Pictured are Jessica Crawford and Nicole George, speech and language pathologists at Clinton-Massie Local Schools, with one of the communication boards on the elementary playgrounds.


Submitted photo

ADAMS TOWNSHIP — It can be frustrating or upsetting for anyone, let alone a child, when they aren’t understood.

In an effort to assist its non-verbal and speech- and language-delayed students, Clinton-Massie has installed communication boards with symbols on the two elementary playgrounds.

The illustrations on the communication boards serve to prompt and expand utterances that would likely be used on the playground. And they will allow staff to point to symbols to help students understand directions, to model how to use language on the playground, and also to interact with the children during recess.
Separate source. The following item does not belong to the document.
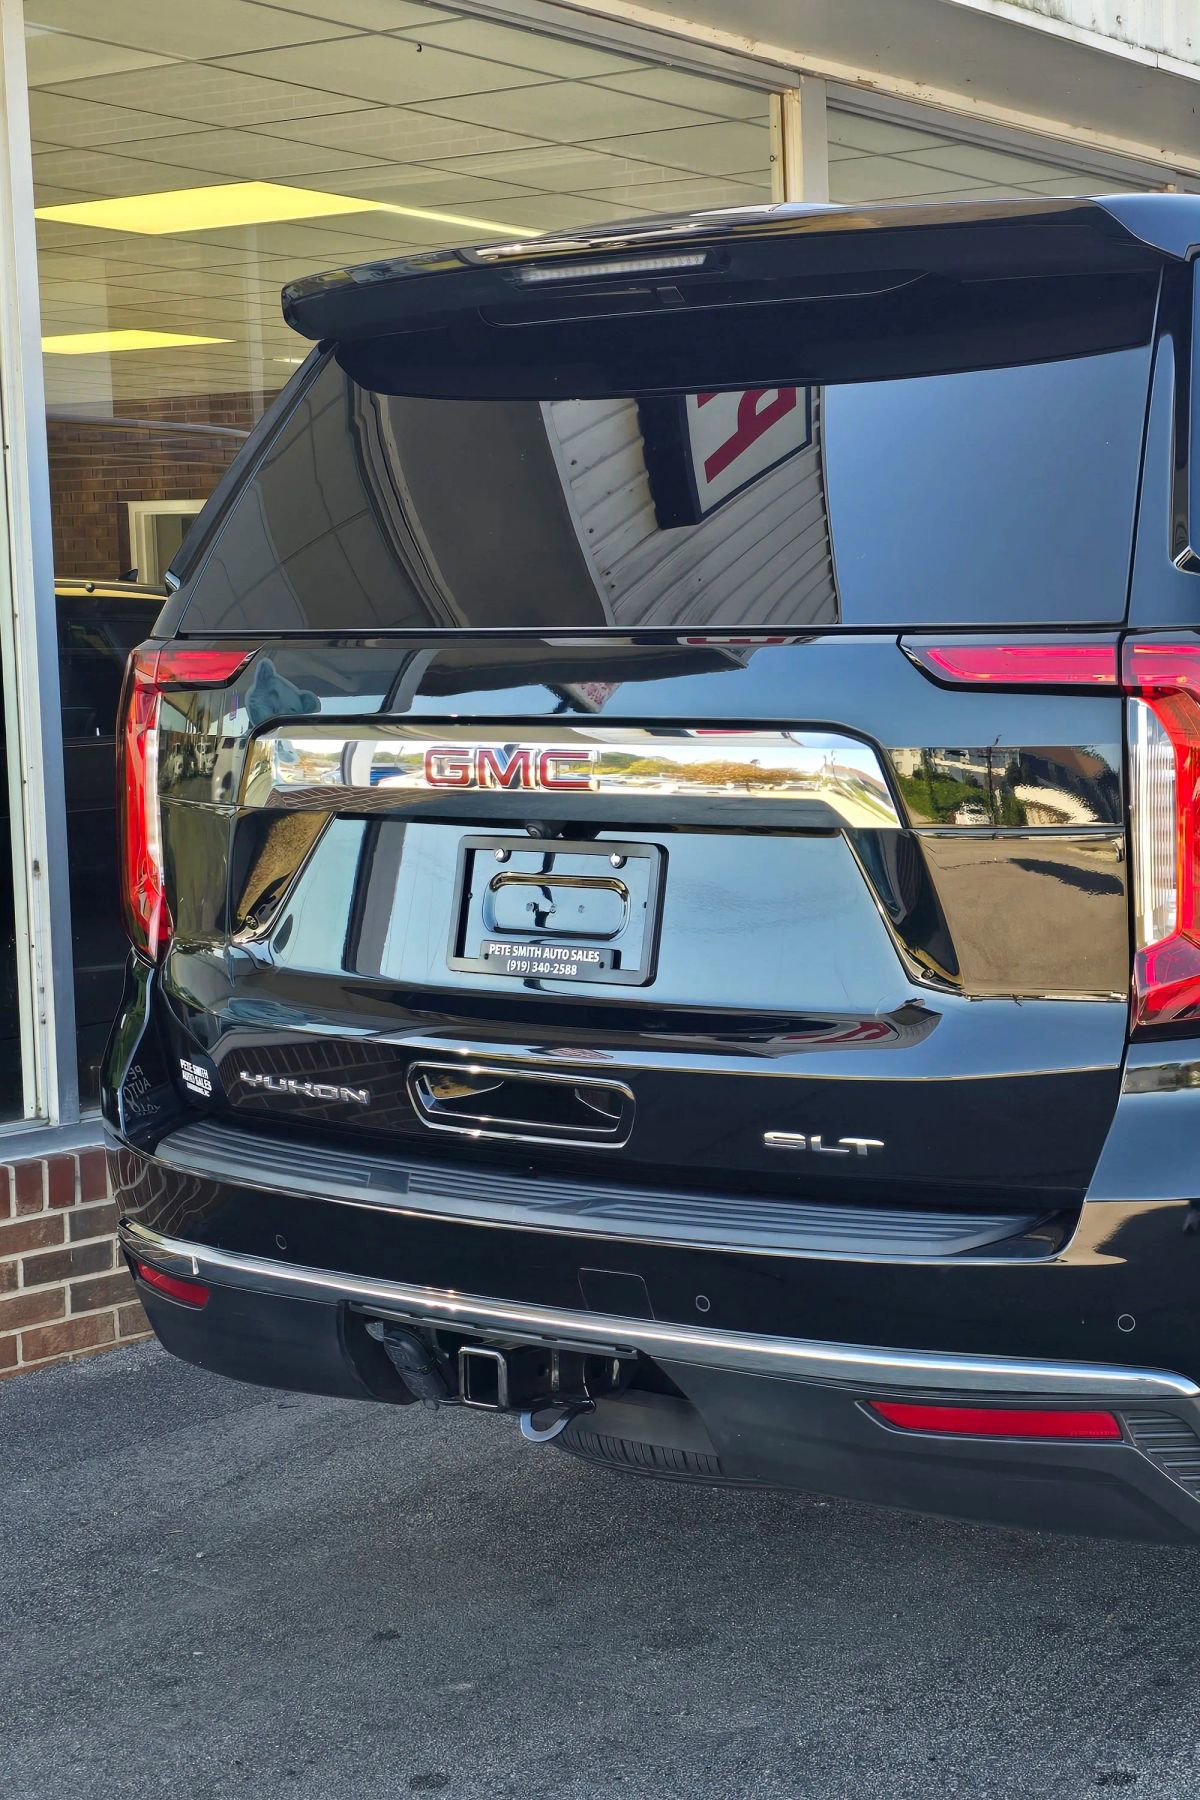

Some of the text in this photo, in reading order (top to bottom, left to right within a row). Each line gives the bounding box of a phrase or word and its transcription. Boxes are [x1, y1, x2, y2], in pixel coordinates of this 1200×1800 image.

“They [boards] will allow students who are feeling frustrated to have symbols and words right in the moment, that they are familiar with, that they can use to tell staff and peers how they feel or what they would like to do, and therefore likely avoiding the unwanted behaviors caused by the communication breakdown,” said Jessica Crawford, a preschool and elementary speech therapist at Clinton-Massie.

The communication boards also will encourage inclusiveness by showing other students another way to communicate with their fellow non-verbal or speech- and language-delayed peers, she said.

“This project was near to my heart being one of the two speech and language pathologists in the district. We have seen an increase in our younger, non-verbal and speech- and language-delayed population in this past school year. With the help of a private donation, this dream was made possible,” said Crawford.

A social media post from a speech-language pathologist in another state led Crawford to the idea of the playgrounds boards.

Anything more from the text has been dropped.